What's more, Cima is loath to directly negotiate with Cephalon because it is liable to pay an $11.5 million break-up fee to AaiPharma if it starts talking to other suitors.
While Arens views Cephalon's offer of $376.6 million in cash as "clearly superior" to AaiPharma's, he believes it does not reflect Cima's value, which he thinks is well above $30 a share and perhaps as high as $40 a share.
Cima has $130 million in cash and a fast-dissolving pill technology worth $250 million, which together exceeds Cephalon's offer, Arens said. Plus, Cima has a pill form of a cancer pain relief drug that could hit the market in two years, directly competing with Cephalon's Actiq, which produces $250 million a year in revenue.

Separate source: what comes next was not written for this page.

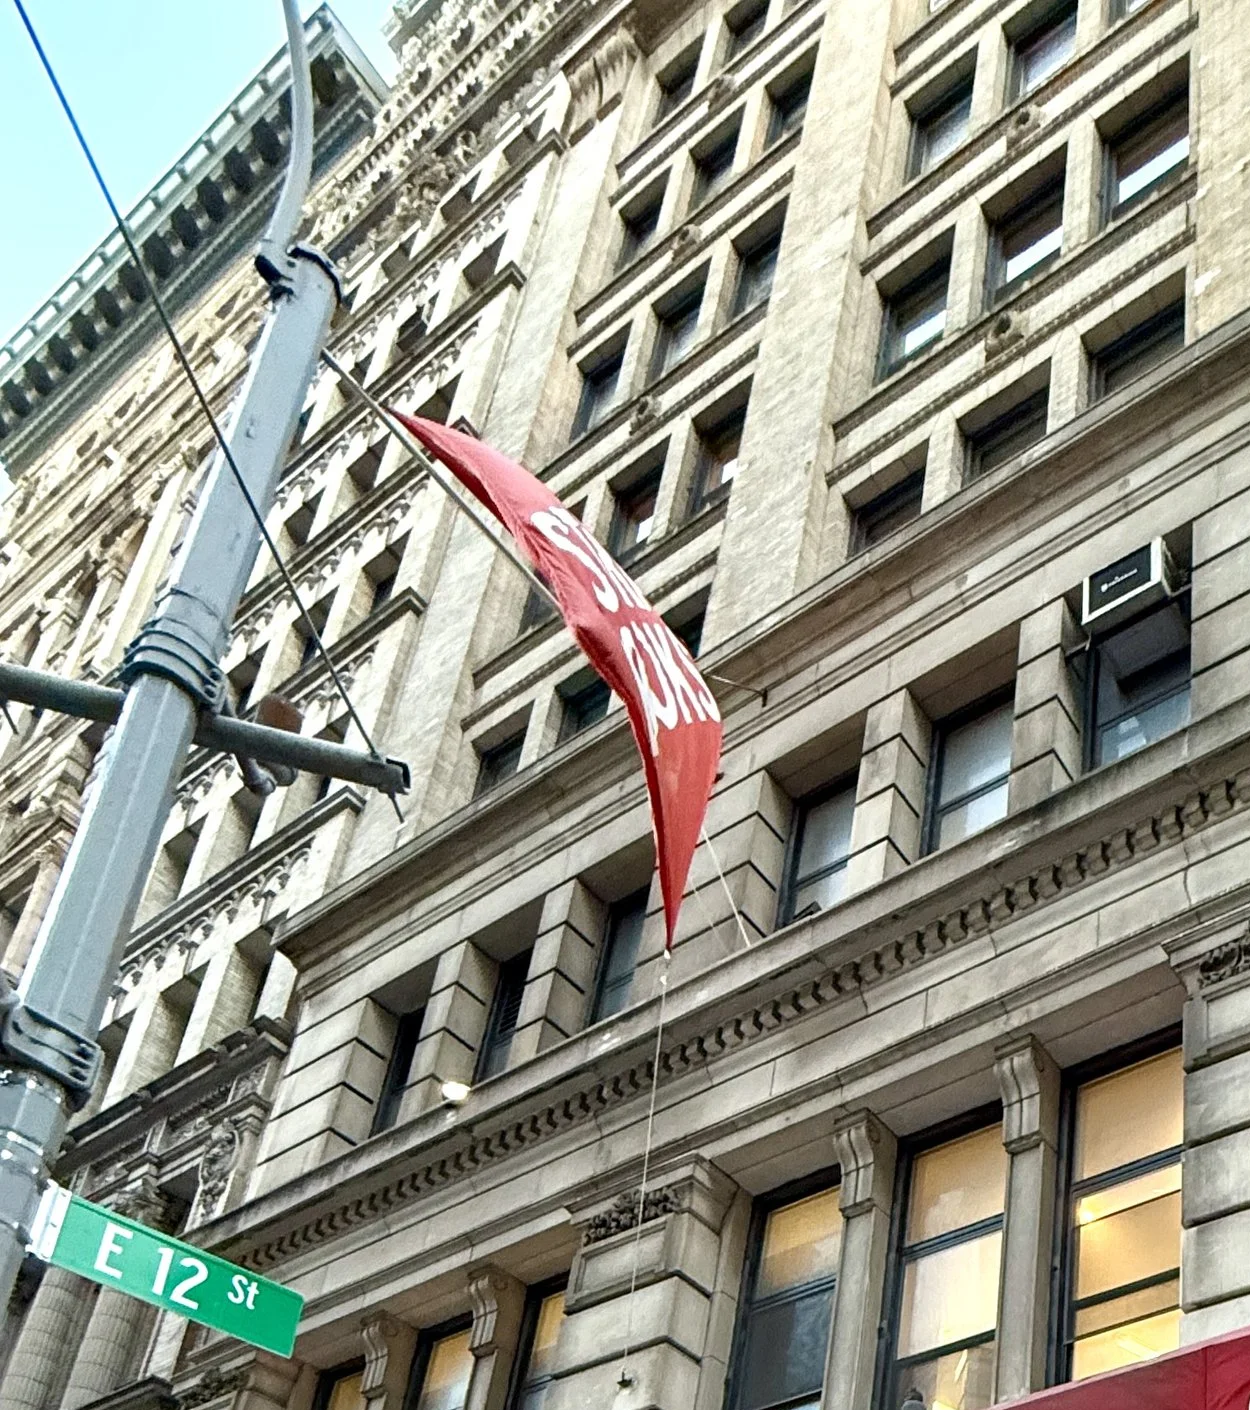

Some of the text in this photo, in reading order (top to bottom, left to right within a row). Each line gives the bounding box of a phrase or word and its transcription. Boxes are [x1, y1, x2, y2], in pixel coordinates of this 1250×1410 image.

[93, 1221, 260, 1311] E 12 St

By buying Cima, Cephalon turns a potential competitor into another way to sell the drug.
Lance Helfert, president of West Coast Management based in Ventura, Calif., agrees with Arens that both bids are too low. West Coast Management and its affiliates own about 365,000 shares, or 2.5 percent of Cima's shares. Helfert said Cima would be better off either buying back shares or using its large cash balance to pay a shareholder dividend than take either offer. He argues that Cima could hit a growth rate of 30 percent — a prediction made by Cima's top officers.
Arens and Helfert both think it's likely that Cephalon will improve its offer. If it doesn't, they anticipate another bidder may enter the fray with a better offer. If that doesn't happen, both are certain that Cima's shareholders will reject the deal.
"I haven't talked to a single Cima shareholder who likes the AaiPharma deal," Helfert said.
Cephalon has no plans to sweeten its offer, but plans to try to talk to Cima board members, said Bob Grupp, a spokesman for Cephalon.
Meanwhile, AaiPharma spokeswoman Andrea Johnston told Bloomberg News her company is pleased with Cima's decision and expects the deal to close by year's end. Under AaiPharma's proposal, Cima shareholders would get nearly 1.4 shares of the new company for each Cima share, or a 41 percent stake in the merged company.
In contrast to Cephalon, which has $1 billion in cash, AaiPharma is saddled with debt and was hoping to use Cima's cash to pay down a portion of that debt. AaiPharma would have a hard time competing with Cephalon in a bidding war, Helfert said.
Cima generated $46.6 million in sales and $9.8 million in operating income in 2002. It has 274 employees at its headquarters and manufacturing plant in Eden Prairie and a new research and development facility and factory in Brooklyn Park.